### Work item
Return the listing verbatim, images left out.

### Input data
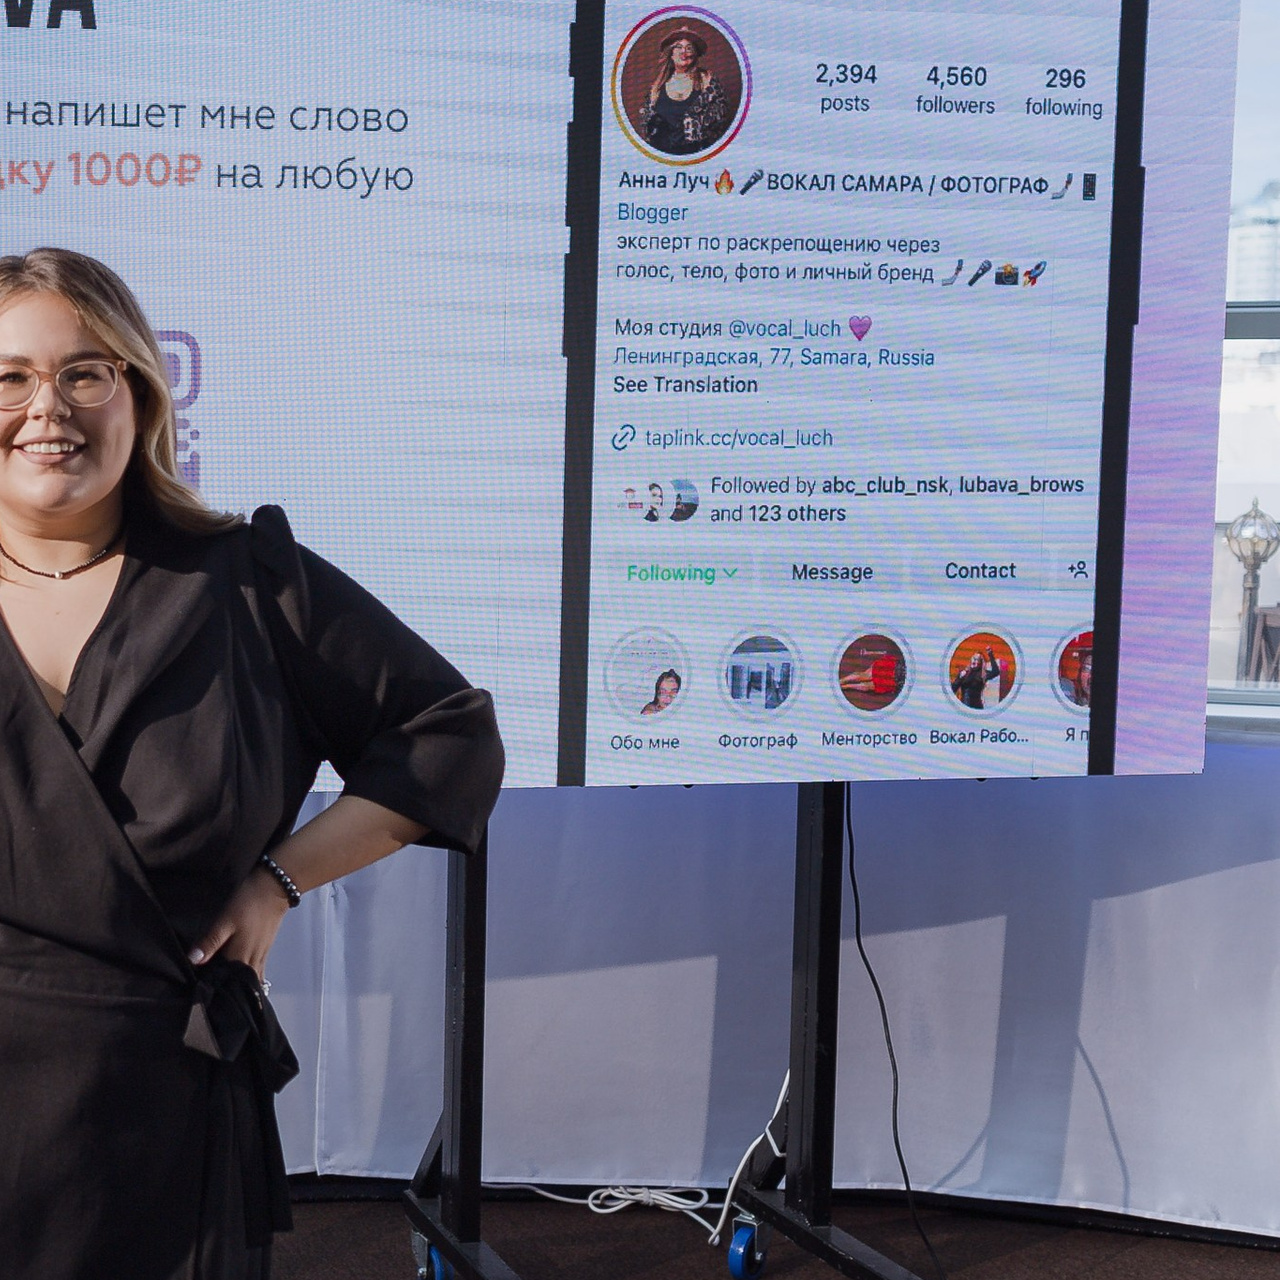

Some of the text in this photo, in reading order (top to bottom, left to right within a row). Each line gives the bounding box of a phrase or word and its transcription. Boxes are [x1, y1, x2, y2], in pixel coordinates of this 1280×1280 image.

[816, 64, 878, 87] 2,394
[926, 66, 987, 88] 4,560
[1046, 69, 1086, 89] 296
[820, 94, 870, 115] posts
[916, 95, 996, 114] followers
[1026, 98, 1103, 120] following
[5, 98, 187, 132] напишет
[199, 102, 277, 132] мне
[290, 102, 409, 136] слово
[67, 154, 204, 188] 1000₽
[215, 159, 263, 189] на
[276, 158, 414, 198] любую
[619, 173, 667, 190] Анна
[672, 173, 709, 192] Луч
[768, 174, 835, 192] ВОКАЛ
[841, 174, 923, 193] САМАРА
[940, 176, 1048, 195] ФОТОГРАФ
[618, 204, 688, 224] Blogger
[616, 235, 940, 255] эксперт по раскрепощению через
[616, 262, 934, 284] голос, тело, фото и личный бренд
[615, 320, 841, 339] Моя студия @vocal_luch
[614, 349, 934, 368] Ленинградская, 77, Samara, Russia
[614, 376, 758, 393] See Translation
[646, 429, 833, 449] taplink.cc/vocal_luch
[712, 476, 1084, 497] Followed by abc_club_nsk, lubava_brows
[710, 504, 846, 522] and 123 others
[627, 564, 716, 585] Following
[792, 563, 873, 582] Message
[945, 562, 1016, 580] Contact
[610, 734, 680, 751] Обо мне
[719, 731, 798, 751] Фотограф
[822, 730, 917, 748] Менторство
[930, 729, 976, 745] Вокал
[1066, 728, 1076, 742] Я
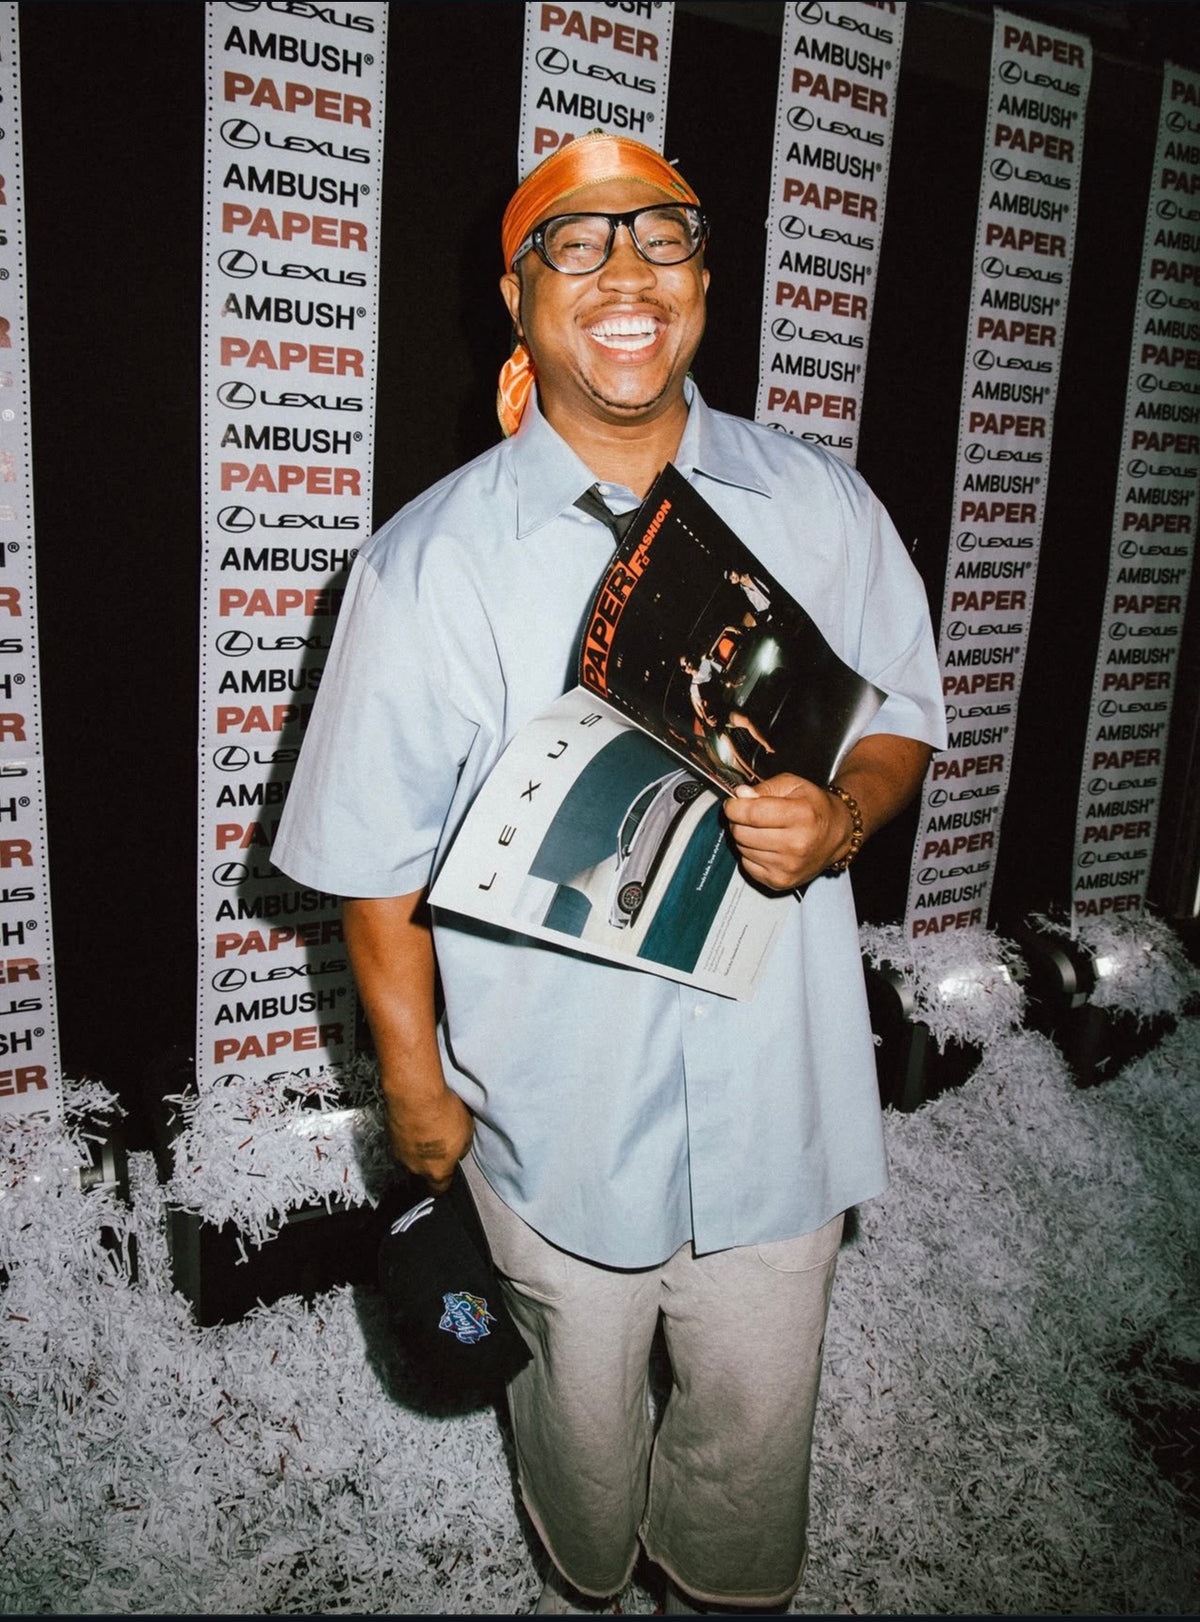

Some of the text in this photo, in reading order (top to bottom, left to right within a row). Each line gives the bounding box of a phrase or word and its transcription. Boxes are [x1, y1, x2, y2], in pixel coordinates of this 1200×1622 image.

[266, 2, 374, 32] LEXUS
[825, 11, 893, 45] LEXUS
[540, 3, 659, 62] PAPER
[1003, 25, 1085, 69] PAPER
[224, 25, 374, 78] AMBUSH®
[794, 35, 892, 80] AMBUSH®
[572, 59, 656, 94] LEXUS
[1023, 70, 1081, 97] LEXUS
[224, 71, 371, 128] PAPER
[791, 67, 888, 118] PAPER
[536, 87, 654, 133] AMBUSH®
[816, 117, 884, 147] LEXUS
[994, 123, 1075, 164] PAPER
[265, 131, 371, 164] LEXUS
[786, 142, 882, 182] AMBUSH®
[223, 163, 370, 208] AMBUSH®
[1014, 167, 1071, 190] LEXUS
[783, 178, 878, 222] PAPER
[222, 203, 367, 252] PAPER
[808, 225, 874, 251] LEXUS
[985, 223, 1066, 258] PAPER
[262, 260, 367, 287] LEXUS
[779, 250, 872, 286] AMBUSH®
[1005, 264, 1063, 285] LEXUS
[221, 293, 366, 329] AMBUSH®
[775, 281, 868, 321] PAPER
[798, 327, 864, 349] LEXUS
[977, 316, 1057, 348] PAPER
[221, 337, 364, 377] PAPER
[771, 352, 861, 384] AMBUSH®
[996, 356, 1053, 373] LEXUS
[1141, 343, 1200, 371] PAPE
[260, 390, 363, 412] LEXUS
[767, 387, 857, 421] PAPER
[221, 424, 363, 455] AMBUSH®
[790, 431, 853, 449] EXUS
[969, 411, 1046, 439] PAPER
[987, 449, 1043, 463] LEXUS
[221, 462, 361, 496] PAPER
[260, 513, 360, 530] LEXUS
[960, 501, 1037, 524] PAPER
[1122, 512, 1192, 534] PAPER
[978, 537, 1034, 548] LEXUS
[951, 590, 1027, 612] PAPER
[1112, 594, 1182, 614] PAPER
[257, 636, 333, 650] LEXU
[583, 560, 638, 697] PAPER
[968, 623, 1023, 636] LEXUS
[219, 669, 322, 694] AMBUS
[942, 672, 1016, 697] PAPER
[1102, 671, 1172, 692] PAPER
[217, 705, 308, 734] PAP
[958, 704, 1011, 719] LEXUS
[947, 726, 1009, 750] MBUSH®
[932, 753, 1004, 781] PAPER
[1092, 748, 1162, 771] PAPER
[949, 784, 1000, 802] LEXUS
[922, 830, 995, 860] PAPER
[1082, 820, 1152, 844] PAPER
[939, 860, 991, 879] LEXUS
[912, 907, 982, 939] PAPER
[215, 920, 344, 958] PAPER
[250, 960, 347, 983] LEXUS
[214, 987, 346, 1025] AMBUSH®
[213, 1023, 343, 1064] PAPER
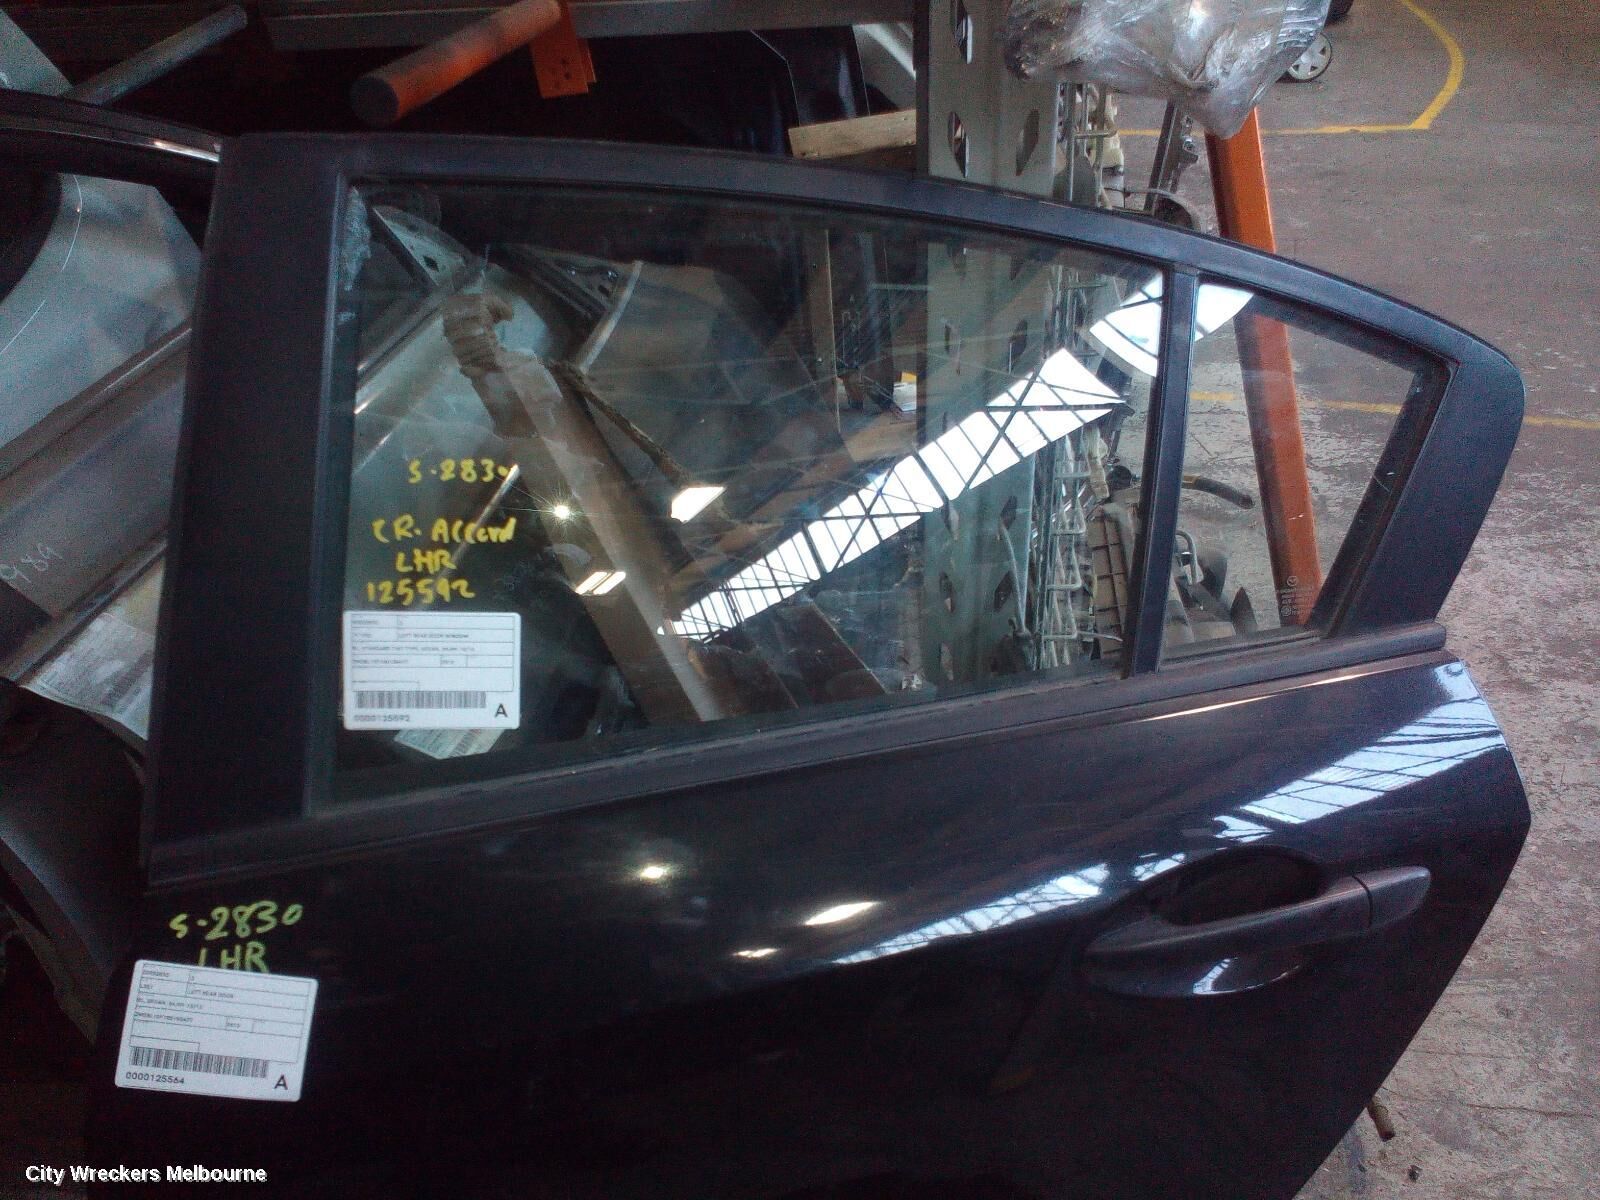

### Answer to the problem
Some of the text in this photo, in reading order (top to bottom, left to right within a row). Each line gives the bounding box of a phrase or word and its transcription. Boxes are [x1, y1, x2, y2], in pixel coordinates of this 1280×1280 image.

[816, 64, 878, 87] 2,394
[926, 66, 987, 88] 4,560
[1046, 69, 1086, 89] 296
[820, 94, 870, 115] posts
[916, 95, 996, 114] followers
[1026, 98, 1103, 120] following
[5, 98, 187, 132] напишет
[199, 102, 277, 132] мне
[290, 102, 409, 136] слово
[67, 154, 204, 188] 1000₽
[215, 159, 263, 189] на
[276, 158, 414, 198] любую
[619, 173, 667, 190] Анна
[672, 173, 709, 192] Луч
[768, 174, 835, 192] ВОКАЛ
[841, 174, 923, 193] САМАРА
[940, 176, 1048, 195] ФОТОГРАФ
[618, 204, 688, 224] Blogger
[616, 235, 940, 255] эксперт по раскрепощению через
[616, 262, 934, 284] голос, тело, фото и личный бренд
[615, 320, 841, 339] Моя студия @vocal_luch
[614, 349, 934, 368] Ленинградская, 77, Samara, Russia
[614, 376, 758, 393] See Translation
[646, 429, 833, 449] taplink.cc/vocal_luch
[712, 476, 1084, 497] Followed by abc_club_nsk, lubava_brows
[710, 504, 846, 522] and 123 others
[627, 564, 716, 585] Following
[792, 563, 873, 582] Message
[945, 562, 1016, 580] Contact
[610, 734, 680, 751] Обо мне
[719, 731, 798, 751] Фотограф
[822, 730, 917, 748] Менторство
[930, 729, 976, 745] Вокал
[1066, 728, 1076, 742] Я

Some of the text in this photo, in reading order (top to bottom, left to right within a row). Each line gives the bounding box of a phrase or word and its transcription. Boxes are [x1, y1, x2, y2], in pixel coordinates of this 1200×1622 image.

[266, 2, 374, 32] LEXUS
[825, 11, 893, 45] LEXUS
[540, 3, 659, 62] PAPER
[1003, 25, 1085, 69] PAPER
[224, 25, 374, 78] AMBUSH®
[794, 35, 892, 80] AMBUSH®
[572, 59, 656, 94] LEXUS
[1023, 70, 1081, 97] LEXUS
[224, 71, 371, 128] PAPER
[791, 67, 888, 118] PAPER
[536, 87, 654, 133] AMBUSH®
[816, 117, 884, 147] LEXUS
[994, 123, 1075, 164] PAPER
[265, 131, 371, 164] LEXUS
[786, 142, 882, 182] AMBUSH®
[223, 163, 370, 208] AMBUSH®
[1014, 167, 1071, 190] LEXUS
[783, 178, 878, 222] PAPER
[222, 203, 367, 252] PAPER
[808, 225, 874, 251] LEXUS
[985, 223, 1066, 258] PAPER
[262, 260, 367, 287] LEXUS
[779, 250, 872, 286] AMBUSH®
[1005, 264, 1063, 285] LEXUS
[221, 293, 366, 329] AMBUSH®
[775, 281, 868, 321] PAPER
[798, 327, 864, 349] LEXUS
[977, 316, 1057, 348] PAPER
[221, 337, 364, 377] PAPER
[771, 352, 861, 384] AMBUSH®
[996, 356, 1053, 373] LEXUS
[1141, 343, 1200, 371] PAPE
[260, 390, 363, 412] LEXUS
[767, 387, 857, 421] PAPER
[221, 424, 363, 455] AMBUSH®
[790, 431, 853, 449] EXUS
[969, 411, 1046, 439] PAPER
[987, 449, 1043, 463] LEXUS
[221, 462, 361, 496] PAPER
[260, 513, 360, 530] LEXUS
[960, 501, 1037, 524] PAPER
[1122, 512, 1192, 534] PAPER
[978, 537, 1034, 548] LEXUS
[951, 590, 1027, 612] PAPER
[1112, 594, 1182, 614] PAPER
[257, 636, 333, 650] LEXU
[583, 560, 638, 697] PAPER
[968, 623, 1023, 636] LEXUS
[219, 669, 322, 694] AMBUS
[942, 672, 1016, 697] PAPER
[1102, 671, 1172, 692] PAPER
[217, 705, 308, 734] PAP
[958, 704, 1011, 719] LEXUS
[947, 726, 1009, 750] MBUSH®
[932, 753, 1004, 781] PAPER
[1092, 748, 1162, 771] PAPER
[949, 784, 1000, 802] LEXUS
[922, 830, 995, 860] PAPER
[1082, 820, 1152, 844] PAPER
[939, 860, 991, 879] LEXUS
[912, 907, 982, 939] PAPER
[215, 920, 344, 958] PAPER
[250, 960, 347, 983] LEXUS
[214, 987, 346, 1025] AMBUSH®
[213, 1023, 343, 1064] PAPER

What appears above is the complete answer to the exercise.